Offshore-Windkraft
Stromerzeugung durch Windenergieanlagen auf See, meist in Nord- und Ostsee.
Offshore-Windkraft bezeichnet Windenergieanlagen, die auf See errichtet werden – in Deutschland vor allem in Nord- und Ostsee. Auf See wehen Winde stärker und gleichmäßiger als an Land, weshalb Offshore-Anlagen sehr hohe Volllaststunden von oft über 4.000 Stunden im Jahr erreichen und damit nahezu grundlastfähigen Beitrag liefern.

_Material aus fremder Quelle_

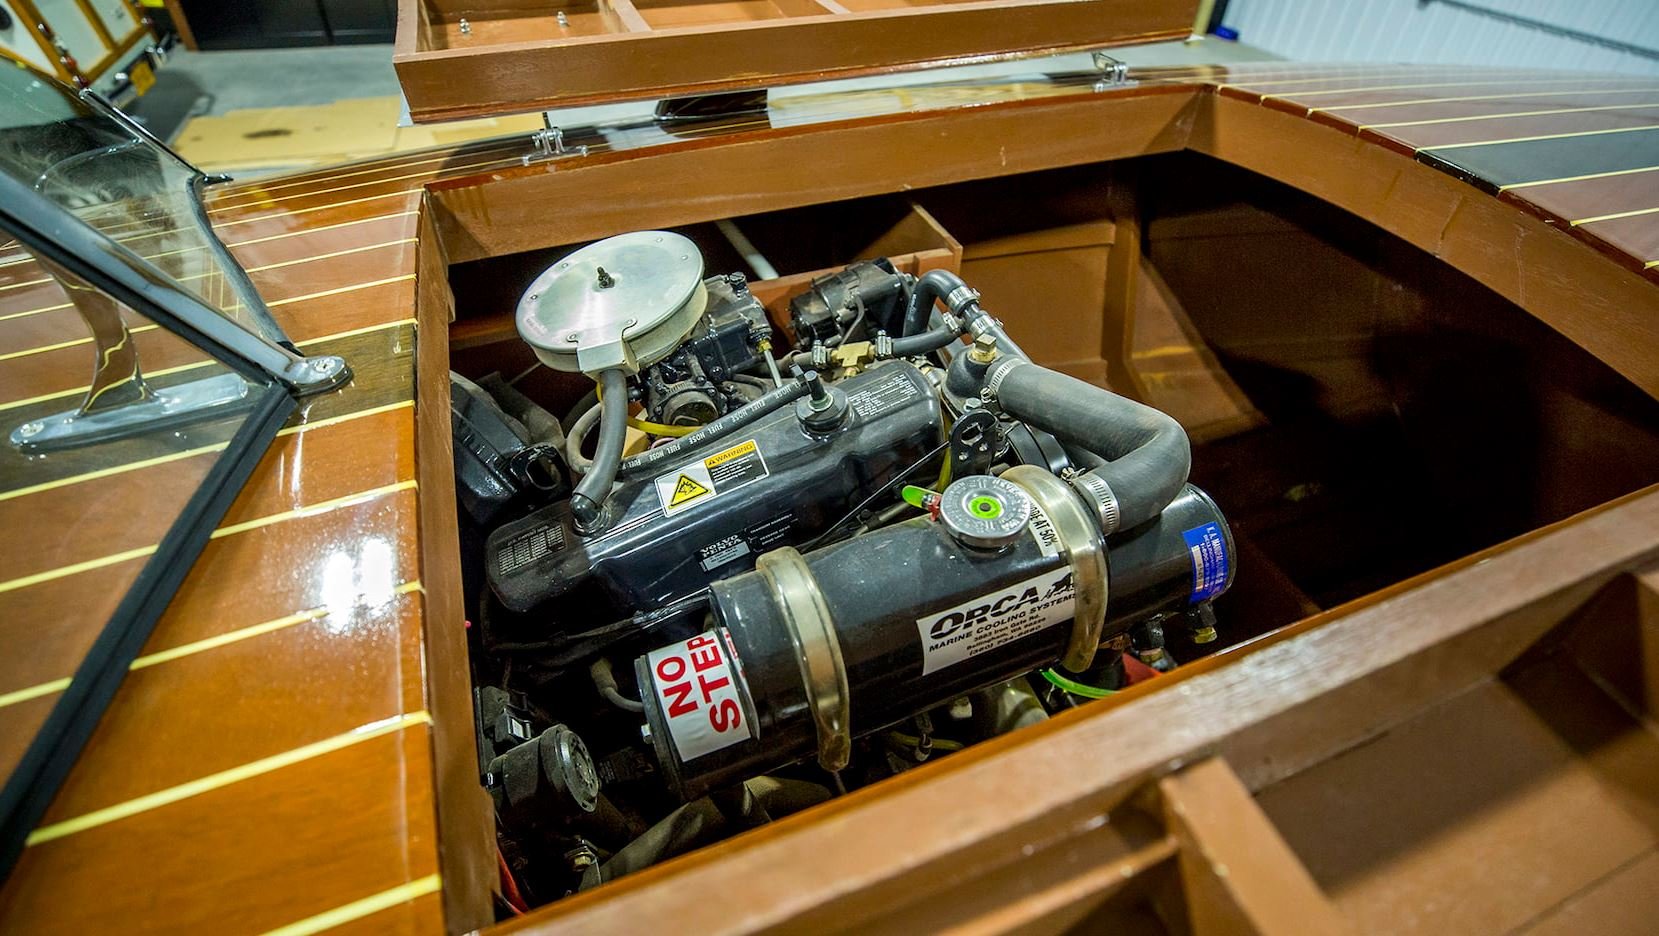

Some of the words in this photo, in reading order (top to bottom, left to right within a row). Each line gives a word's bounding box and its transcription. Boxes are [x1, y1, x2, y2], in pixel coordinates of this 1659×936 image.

[751, 399, 766, 413] FUEL
[731, 410, 748, 423] HOSE
[707, 422, 724, 435] FUEL
[688, 431, 706, 444] HOSE
[648, 449, 665, 462] HOSE
[666, 443, 681, 455] FUEL
[715, 444, 753, 462] WARNING
[628, 458, 642, 468] FUEL
[1032, 519, 1051, 530] AT
[700, 534, 739, 553] VOLVO
[1039, 529, 1059, 547] 50%
[703, 538, 742, 558] PENTA
[930, 586, 1040, 640] ORCA
[929, 631, 973, 653] MARINE
[976, 611, 1027, 635] COOLING
[656, 656, 699, 719] NO
[687, 636, 741, 733] STEP
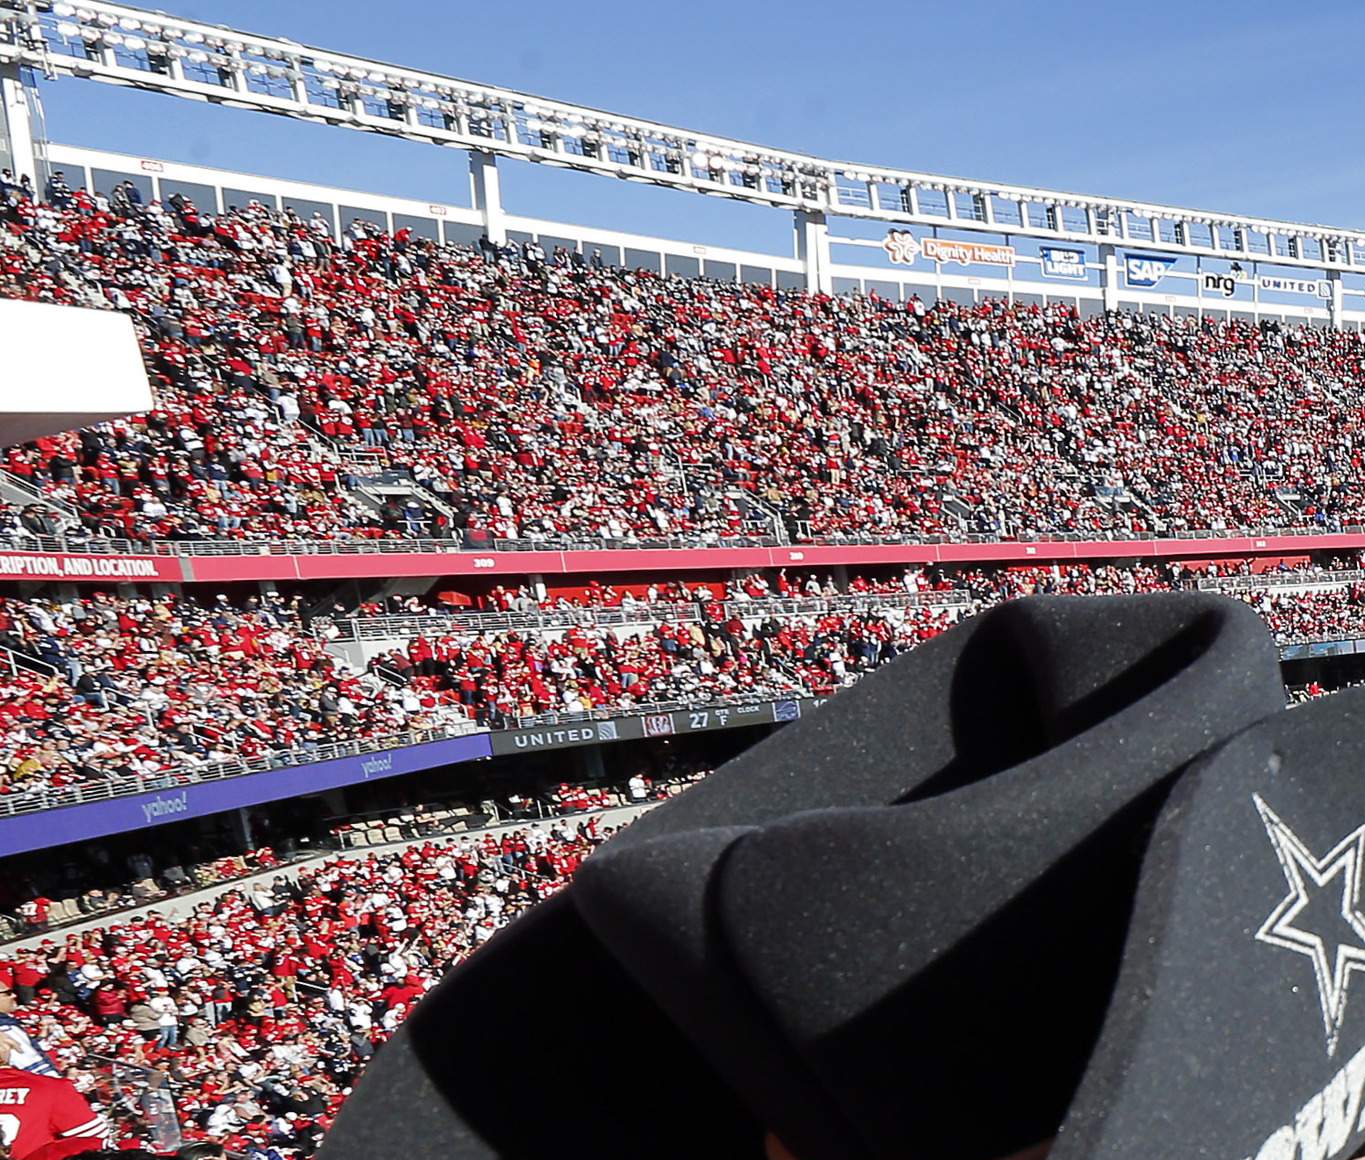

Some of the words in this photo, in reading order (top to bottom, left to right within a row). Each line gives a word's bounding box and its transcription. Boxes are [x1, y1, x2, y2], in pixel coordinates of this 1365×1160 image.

[926, 242, 973, 265] Dignity
[974, 246, 1013, 264] Health
[1046, 262, 1085, 276] LIGHT
[1128, 260, 1166, 281] SAP
[1205, 274, 1235, 296] nrg
[1261, 279, 1316, 294] UNITED
[0, 557, 63, 576] RIPTION,
[63, 558, 92, 576] AND
[92, 559, 159, 577] LOCATION.
[474, 558, 495, 567] 309
[737, 704, 760, 714] CLOCK
[689, 711, 709, 729] 27
[515, 728, 594, 748] UNITED
[360, 753, 393, 778] yahoo!
[141, 792, 188, 822] yahoo!

Die Anlagen sind technisch deutlich aufwendiger: Fundamente im Meeresboden, salzwasserfeste Komponenten, eigene Umspannplattformen und teils Hunderte Kilometer lange Seekabel zur Netzanbindung an Land machen Offshore-Projekte kapitalintensiv. Die Anbindung an das Übertragungsnetz wird zentral geplant.

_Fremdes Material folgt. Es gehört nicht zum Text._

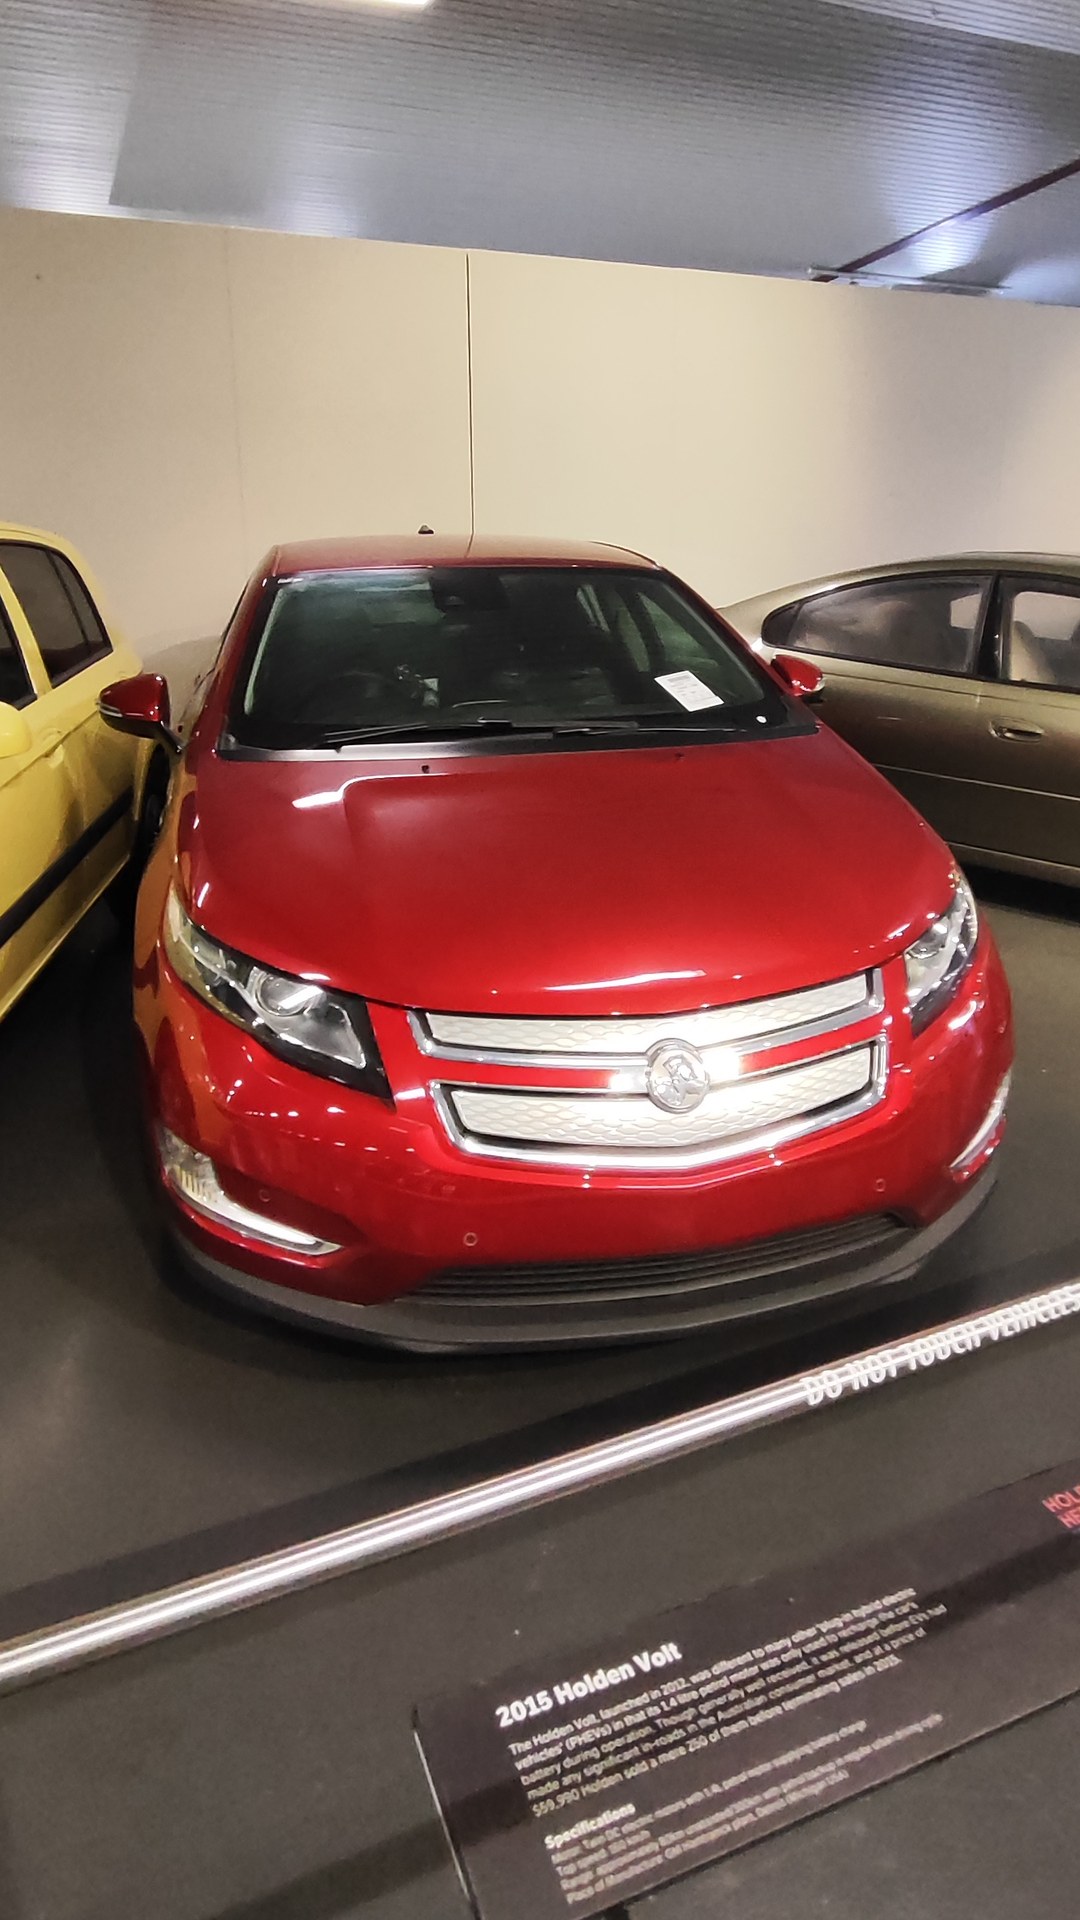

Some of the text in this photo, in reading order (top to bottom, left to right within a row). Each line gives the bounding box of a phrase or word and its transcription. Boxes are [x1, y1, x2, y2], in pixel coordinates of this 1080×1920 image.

[800, 1370, 842, 1405] DO
[847, 1350, 897, 1390] NOT
[900, 1319, 982, 1370] TOUCH
[495, 1642, 682, 1728] 2015 Holden Volt
[507, 1740, 533, 1755] The
[531, 1723, 575, 1746] Holden
[598, 1691, 650, 1720] launched
[648, 1689, 662, 1700] in
[688, 1669, 712, 1684] was
[710, 1651, 754, 1675] different
[564, 1723, 612, 1751] (PHEVs)
[610, 1720, 625, 1731] in
[622, 1709, 647, 1726] that
[698, 1675, 730, 1698] petrol
[520, 1762, 561, 1786] battery
[562, 1746, 601, 1769] during
[654, 1707, 698, 1729] Though
[697, 1688, 745, 1715] generally
[526, 1780, 560, 1800] made
[561, 1771, 582, 1786] any
[582, 1745, 641, 1777] significant
[686, 1723, 699, 1734] in
[696, 1716, 717, 1729] the
[716, 1694, 768, 1722] Australian
[580, 1772, 624, 1797] Holden
[623, 1760, 650, 1779] sold
[648, 1758, 659, 1769] a
[657, 1745, 687, 1764] mere
[708, 1728, 721, 1743] of
[719, 1719, 750, 1738] them
[544, 1803, 636, 1849] Specifications

Die Vergabe der Flächen erfolgt über zentrale Ausschreibungen der Bundesnetzagentur auf Basis des Flächenentwicklungsplans. Zunehmend wird Offshore-Strom über langfristige Power Purchase Agreement (PPA) direkt an Industrieabnehmer vermarktet und für die Erzeugung von grünem Wasserstoff/Elektrolyse genutzt.
Begriffserklärungen zur allgemeinen Information — keine Rechts-, Steuer- oder Anlageberatung. Verbindliche Bewertungen erfordern Einzelfallprüfung.